+++ INFORMATION SHOWN +++

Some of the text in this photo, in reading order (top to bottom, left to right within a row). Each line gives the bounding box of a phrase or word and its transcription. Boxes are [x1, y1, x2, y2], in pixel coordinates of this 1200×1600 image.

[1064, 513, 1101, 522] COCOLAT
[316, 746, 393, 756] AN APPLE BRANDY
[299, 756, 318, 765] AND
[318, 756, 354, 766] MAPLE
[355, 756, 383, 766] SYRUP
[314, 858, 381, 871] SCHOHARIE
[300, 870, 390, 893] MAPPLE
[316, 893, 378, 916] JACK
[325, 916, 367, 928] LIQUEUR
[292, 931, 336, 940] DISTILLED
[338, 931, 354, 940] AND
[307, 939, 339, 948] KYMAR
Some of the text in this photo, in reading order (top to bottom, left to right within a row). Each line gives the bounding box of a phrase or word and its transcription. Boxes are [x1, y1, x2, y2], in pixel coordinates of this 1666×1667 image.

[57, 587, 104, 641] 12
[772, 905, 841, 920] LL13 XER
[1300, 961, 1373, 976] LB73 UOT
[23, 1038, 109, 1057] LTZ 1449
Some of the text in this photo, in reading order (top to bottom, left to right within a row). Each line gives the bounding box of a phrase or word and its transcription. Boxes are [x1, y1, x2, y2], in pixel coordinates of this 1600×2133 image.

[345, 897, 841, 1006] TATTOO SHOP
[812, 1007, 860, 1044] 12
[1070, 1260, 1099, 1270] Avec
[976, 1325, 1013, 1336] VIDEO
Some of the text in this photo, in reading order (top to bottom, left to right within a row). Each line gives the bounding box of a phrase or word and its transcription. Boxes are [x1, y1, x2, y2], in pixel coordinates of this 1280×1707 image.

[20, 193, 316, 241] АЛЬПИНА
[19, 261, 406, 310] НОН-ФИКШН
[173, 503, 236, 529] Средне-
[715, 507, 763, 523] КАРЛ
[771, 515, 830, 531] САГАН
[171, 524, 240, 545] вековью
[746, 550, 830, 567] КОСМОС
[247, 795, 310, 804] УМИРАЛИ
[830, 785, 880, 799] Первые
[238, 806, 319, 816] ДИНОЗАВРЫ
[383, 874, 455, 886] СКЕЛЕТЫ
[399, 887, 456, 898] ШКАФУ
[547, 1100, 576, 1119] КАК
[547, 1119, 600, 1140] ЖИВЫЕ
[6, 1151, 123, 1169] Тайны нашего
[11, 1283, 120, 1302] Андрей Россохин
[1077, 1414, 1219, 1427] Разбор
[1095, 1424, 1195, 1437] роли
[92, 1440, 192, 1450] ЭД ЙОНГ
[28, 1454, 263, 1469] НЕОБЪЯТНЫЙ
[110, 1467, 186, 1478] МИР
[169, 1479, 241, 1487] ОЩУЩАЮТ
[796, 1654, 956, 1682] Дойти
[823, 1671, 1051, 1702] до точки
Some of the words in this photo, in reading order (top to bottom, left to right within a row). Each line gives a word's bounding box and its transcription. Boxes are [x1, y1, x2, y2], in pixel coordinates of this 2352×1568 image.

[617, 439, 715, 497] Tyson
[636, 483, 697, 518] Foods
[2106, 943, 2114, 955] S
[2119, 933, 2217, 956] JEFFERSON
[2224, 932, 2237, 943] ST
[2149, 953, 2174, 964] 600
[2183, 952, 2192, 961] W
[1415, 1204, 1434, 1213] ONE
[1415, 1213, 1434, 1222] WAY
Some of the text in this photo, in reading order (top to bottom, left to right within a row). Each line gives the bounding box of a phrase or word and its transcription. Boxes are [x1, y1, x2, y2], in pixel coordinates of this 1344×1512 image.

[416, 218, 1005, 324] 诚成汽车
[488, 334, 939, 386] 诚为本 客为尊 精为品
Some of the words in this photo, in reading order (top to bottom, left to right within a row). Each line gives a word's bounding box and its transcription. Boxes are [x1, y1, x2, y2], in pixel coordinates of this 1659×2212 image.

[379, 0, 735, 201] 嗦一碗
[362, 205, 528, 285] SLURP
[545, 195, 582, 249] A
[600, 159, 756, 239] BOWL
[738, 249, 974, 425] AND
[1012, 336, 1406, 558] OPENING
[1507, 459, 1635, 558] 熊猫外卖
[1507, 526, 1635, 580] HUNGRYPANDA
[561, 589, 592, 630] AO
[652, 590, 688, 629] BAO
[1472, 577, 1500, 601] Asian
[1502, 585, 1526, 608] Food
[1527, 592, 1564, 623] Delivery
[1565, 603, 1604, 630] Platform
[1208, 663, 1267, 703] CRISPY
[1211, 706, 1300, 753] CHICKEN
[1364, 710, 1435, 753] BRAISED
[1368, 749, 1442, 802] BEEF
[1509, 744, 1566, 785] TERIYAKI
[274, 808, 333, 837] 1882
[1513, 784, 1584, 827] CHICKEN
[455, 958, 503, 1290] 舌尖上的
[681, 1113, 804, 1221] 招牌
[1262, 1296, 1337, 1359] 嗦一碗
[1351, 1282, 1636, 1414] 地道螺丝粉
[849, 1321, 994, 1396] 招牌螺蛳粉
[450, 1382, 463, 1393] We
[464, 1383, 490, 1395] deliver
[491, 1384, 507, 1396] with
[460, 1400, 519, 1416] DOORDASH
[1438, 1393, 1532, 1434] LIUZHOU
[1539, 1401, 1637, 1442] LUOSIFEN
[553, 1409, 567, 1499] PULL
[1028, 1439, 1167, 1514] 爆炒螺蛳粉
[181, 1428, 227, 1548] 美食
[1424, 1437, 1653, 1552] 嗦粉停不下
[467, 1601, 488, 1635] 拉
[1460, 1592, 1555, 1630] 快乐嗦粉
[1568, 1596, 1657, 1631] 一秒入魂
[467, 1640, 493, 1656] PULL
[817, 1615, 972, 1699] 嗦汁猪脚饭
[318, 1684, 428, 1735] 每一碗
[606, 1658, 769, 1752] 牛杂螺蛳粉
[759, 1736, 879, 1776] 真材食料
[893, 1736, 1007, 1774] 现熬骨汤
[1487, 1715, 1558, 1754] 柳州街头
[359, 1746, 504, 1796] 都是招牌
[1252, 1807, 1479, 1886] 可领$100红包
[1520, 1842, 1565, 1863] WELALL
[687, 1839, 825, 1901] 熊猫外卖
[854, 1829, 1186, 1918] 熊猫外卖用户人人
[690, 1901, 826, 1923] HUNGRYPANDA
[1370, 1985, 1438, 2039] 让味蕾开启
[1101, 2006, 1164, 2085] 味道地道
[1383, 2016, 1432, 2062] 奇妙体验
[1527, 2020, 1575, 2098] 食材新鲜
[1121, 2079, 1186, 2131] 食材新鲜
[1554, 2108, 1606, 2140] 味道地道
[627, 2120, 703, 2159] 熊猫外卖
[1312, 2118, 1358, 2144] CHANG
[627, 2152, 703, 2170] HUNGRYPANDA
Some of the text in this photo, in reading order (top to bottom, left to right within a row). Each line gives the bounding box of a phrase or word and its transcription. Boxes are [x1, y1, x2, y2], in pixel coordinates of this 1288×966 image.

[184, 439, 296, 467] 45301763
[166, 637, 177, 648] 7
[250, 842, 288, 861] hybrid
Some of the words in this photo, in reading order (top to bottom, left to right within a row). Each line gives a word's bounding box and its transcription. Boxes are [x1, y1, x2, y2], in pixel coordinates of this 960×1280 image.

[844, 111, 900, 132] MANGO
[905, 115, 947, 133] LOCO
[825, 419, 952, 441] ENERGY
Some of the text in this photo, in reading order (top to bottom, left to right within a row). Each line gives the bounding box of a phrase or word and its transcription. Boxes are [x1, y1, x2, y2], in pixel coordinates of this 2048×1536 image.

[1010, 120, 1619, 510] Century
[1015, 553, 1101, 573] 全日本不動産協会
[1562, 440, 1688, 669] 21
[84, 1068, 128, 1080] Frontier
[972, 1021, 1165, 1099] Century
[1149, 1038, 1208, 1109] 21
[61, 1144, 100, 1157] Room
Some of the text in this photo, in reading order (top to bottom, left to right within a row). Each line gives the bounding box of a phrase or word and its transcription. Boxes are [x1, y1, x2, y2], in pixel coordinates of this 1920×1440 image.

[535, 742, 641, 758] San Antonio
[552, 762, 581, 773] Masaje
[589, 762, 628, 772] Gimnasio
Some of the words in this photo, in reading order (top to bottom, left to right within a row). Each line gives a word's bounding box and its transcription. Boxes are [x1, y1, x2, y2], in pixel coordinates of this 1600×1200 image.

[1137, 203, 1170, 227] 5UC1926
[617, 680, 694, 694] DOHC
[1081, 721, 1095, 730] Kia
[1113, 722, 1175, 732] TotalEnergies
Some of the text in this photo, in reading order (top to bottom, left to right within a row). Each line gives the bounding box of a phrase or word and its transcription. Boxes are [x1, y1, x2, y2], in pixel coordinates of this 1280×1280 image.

+++

ASSIGNED TASK: Which lines run from the one holding "this 1920×1440 image." through the end of the data? Write them out exactly, ends included, and add nothing.

RESULT BELOW:
Some of the text in this photo, in reading order (top to bottom, left to right within a row). Each line gives the bounding box of a phrase or word and its transcription. Boxes are [x1, y1, x2, y2], in pixel coordinates of this 1920×1440 image.

[535, 742, 641, 758] San Antonio
[552, 762, 581, 773] Masaje
[589, 762, 628, 772] Gimnasio
Some of the words in this photo, in reading order (top to bottom, left to right within a row). Each line gives a word's bounding box and its transcription. Boxes are [x1, y1, x2, y2], in pixel coordinates of this 1600×1200 image.

[1137, 203, 1170, 227] 5UC1926
[617, 680, 694, 694] DOHC
[1081, 721, 1095, 730] Kia
[1113, 722, 1175, 732] TotalEnergies
Some of the text in this photo, in reading order (top to bottom, left to right within a row). Each line gives the bounding box of a phrase or word and its transcription. Boxes are [x1, y1, x2, y2], in pixel coordinates of this 1280×1280 image.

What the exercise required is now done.